### Task directions
The records below must be repeated exactly, but without their pictures.

### Dataset content
Content starts

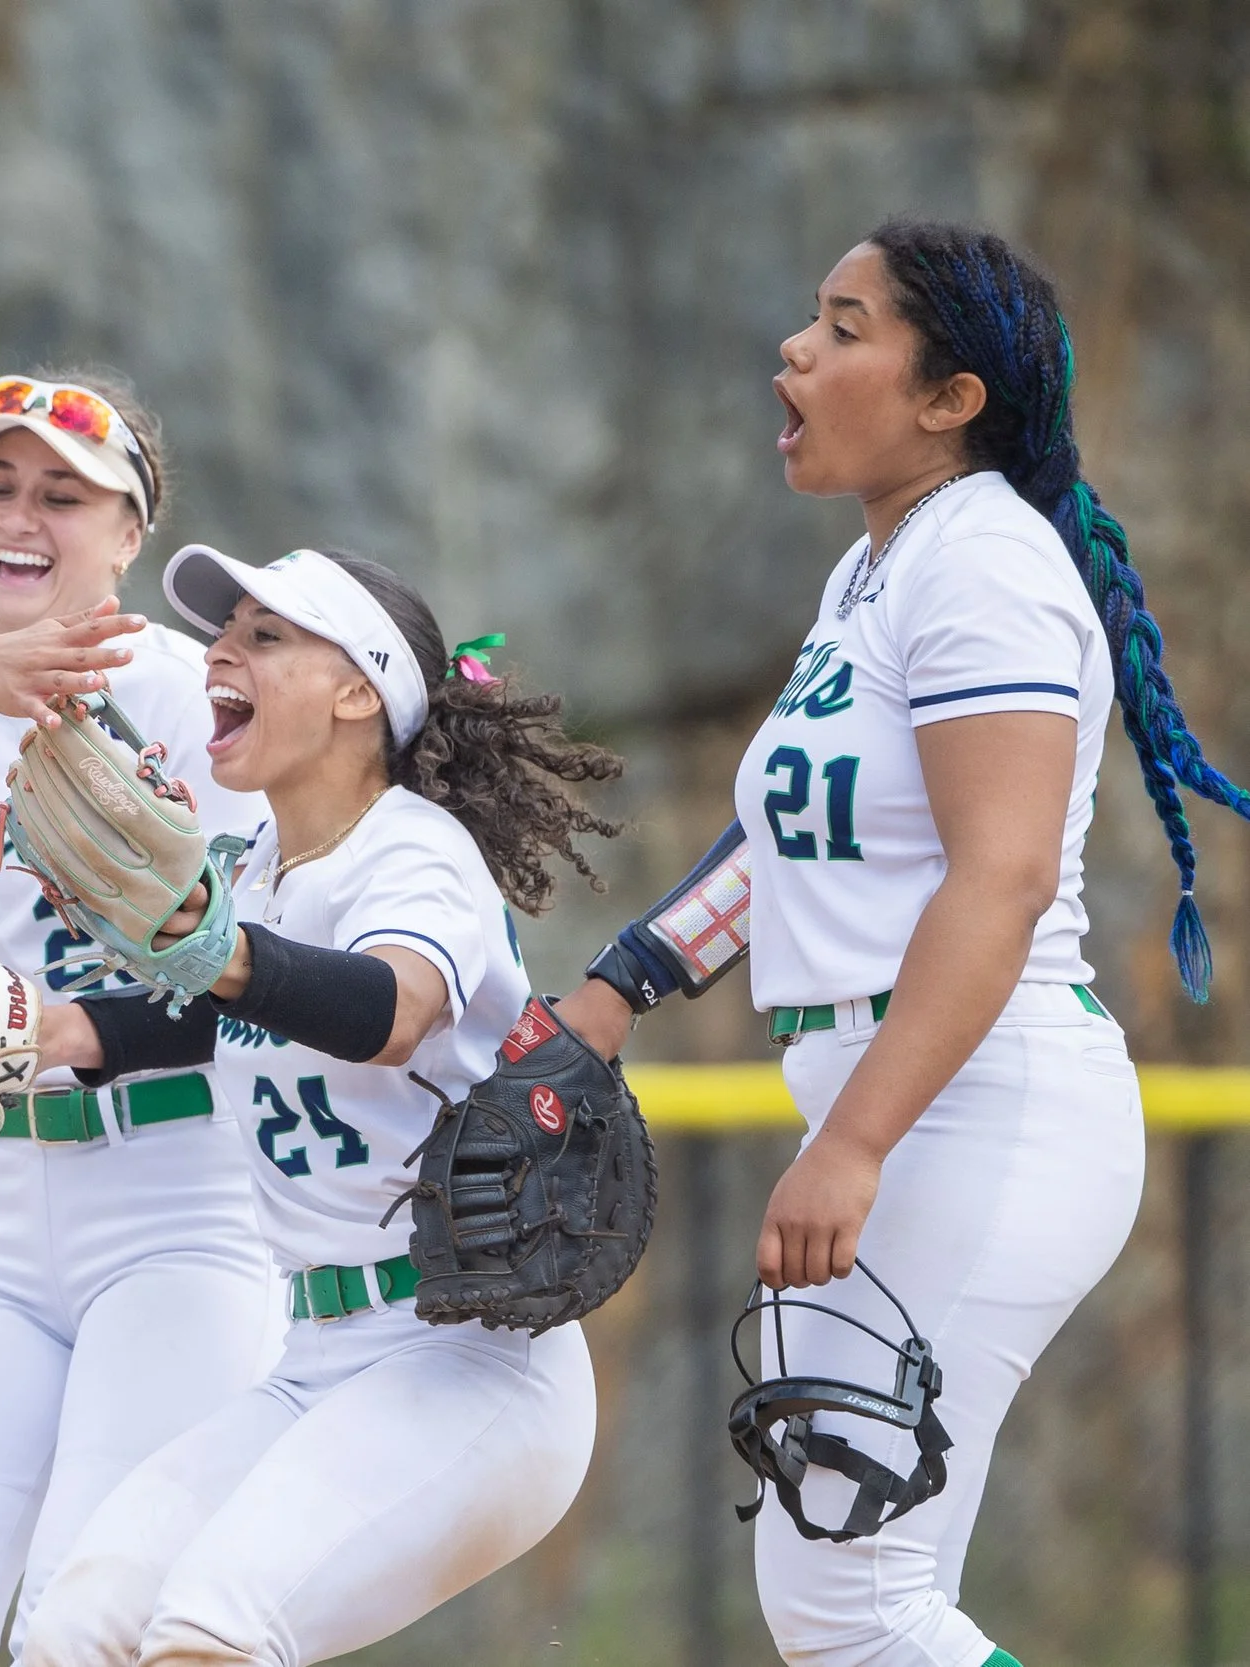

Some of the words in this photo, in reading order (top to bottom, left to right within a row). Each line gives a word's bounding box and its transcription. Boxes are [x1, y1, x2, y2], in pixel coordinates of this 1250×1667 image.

[79, 756, 140, 816] Rawlings
[763, 745, 865, 861] 21
[2, 965, 28, 1031] Wilso
[641, 979, 659, 1006] FCA
[252, 1074, 370, 1179] 24
[842, 1394, 885, 1413] RIP-IT
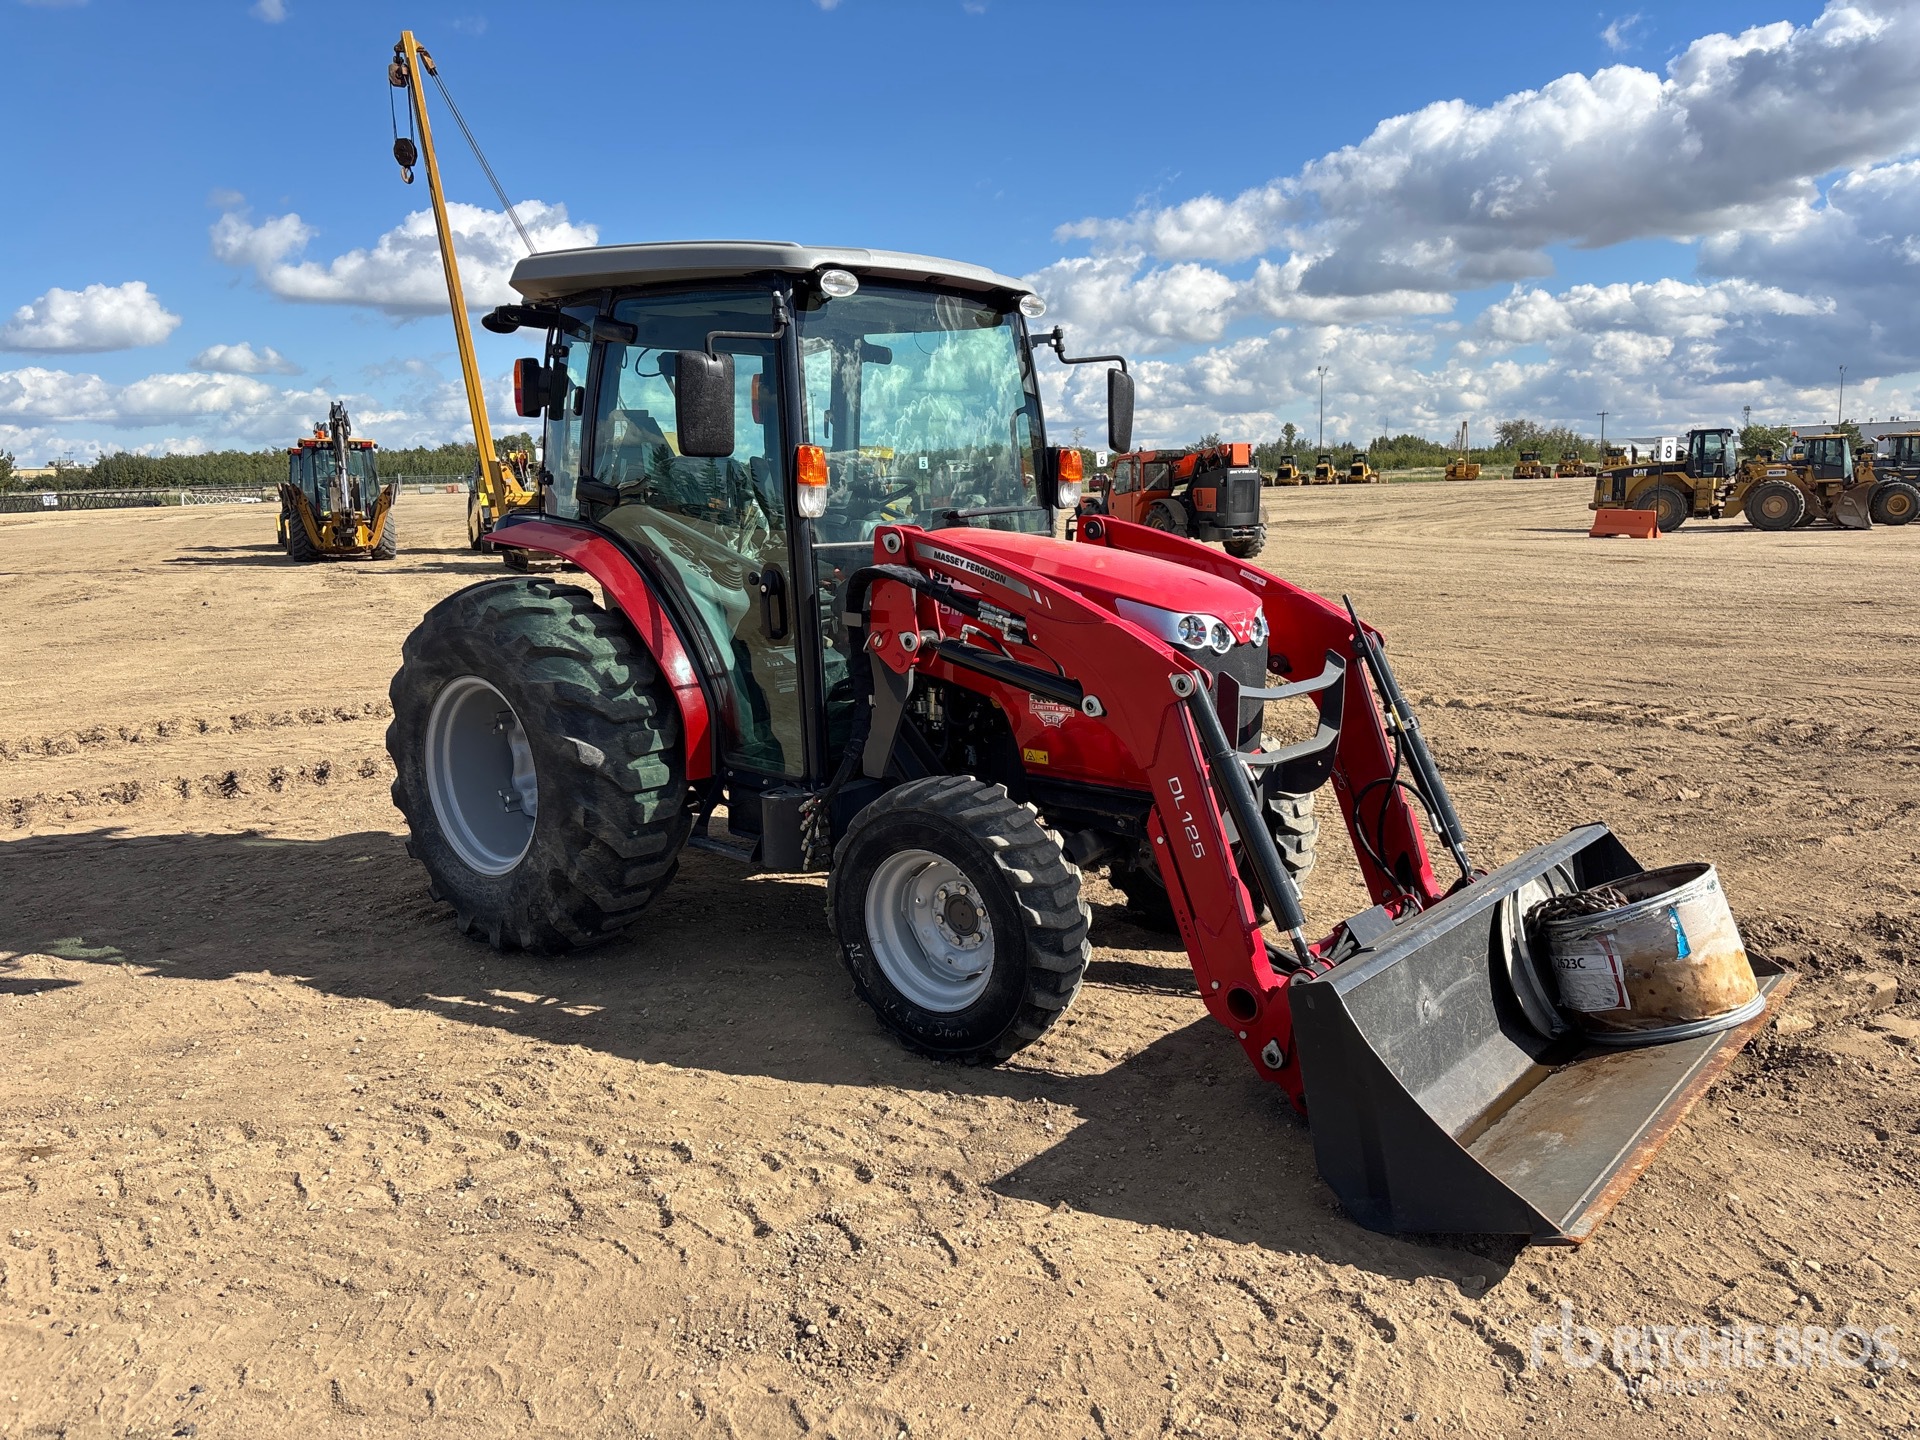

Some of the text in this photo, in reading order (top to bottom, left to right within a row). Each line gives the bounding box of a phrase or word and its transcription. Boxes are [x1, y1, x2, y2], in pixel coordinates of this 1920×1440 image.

[1665, 445, 1672, 459] 8
[921, 460, 926, 468] 5
[1099, 456, 1105, 465] 6
[1633, 468, 1648, 477] CAT
[933, 550, 1006, 584] MASSEY FERGUSON
[1045, 715, 1059, 724] 50
[1168, 776, 1206, 858] DL 125
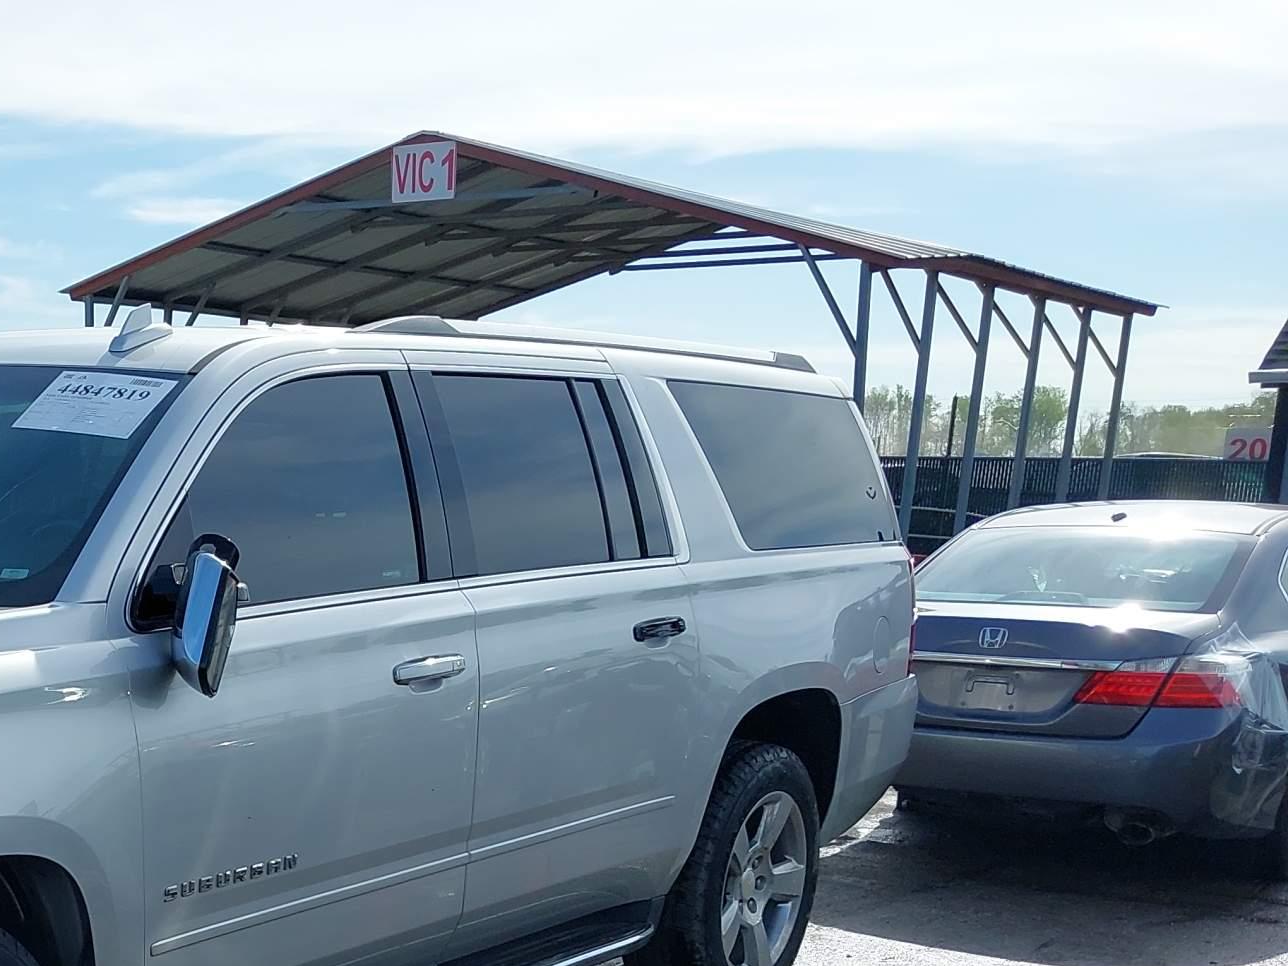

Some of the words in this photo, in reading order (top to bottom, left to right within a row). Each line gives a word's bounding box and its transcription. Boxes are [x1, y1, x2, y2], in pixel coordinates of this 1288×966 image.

[394, 150, 435, 194] VIC
[441, 148, 454, 191] 1
[57, 383, 151, 402] 44847819
[1228, 438, 1268, 460] 20
[163, 853, 299, 903] SUBURBAN

Content ends

### Reply to the task
Some of the words in this photo, in reading order (top to bottom, left to right within a row). Each line gives a word's bounding box and its transcription. Boxes are [x1, y1, x2, y2], in pixel coordinates of this 1250×1667 image.

[79, 756, 140, 816] Rawlings
[763, 745, 865, 861] 21
[2, 965, 28, 1031] Wilso
[641, 979, 659, 1006] FCA
[252, 1074, 370, 1179] 24
[842, 1394, 885, 1413] RIP-IT

Some of the text in this photo, in reading order (top to bottom, left to right within a row). Each line gives the bounding box of a phrase or word and its transcription. Boxes are [x1, y1, x2, y2], in pixel coordinates of this 1920×1440 image.

[1665, 445, 1672, 459] 8
[921, 460, 926, 468] 5
[1099, 456, 1105, 465] 6
[1633, 468, 1648, 477] CAT
[933, 550, 1006, 584] MASSEY FERGUSON
[1045, 715, 1059, 724] 50
[1168, 776, 1206, 858] DL 125

Some of the words in this photo, in reading order (top to bottom, left to right within a row). Each line gives a word's bounding box and its transcription. Boxes are [x1, y1, x2, y2], in pixel coordinates of this 1288×966 image.

[394, 150, 435, 194] VIC
[441, 148, 454, 191] 1
[57, 383, 151, 402] 44847819
[1228, 438, 1268, 460] 20
[163, 853, 299, 903] SUBURBAN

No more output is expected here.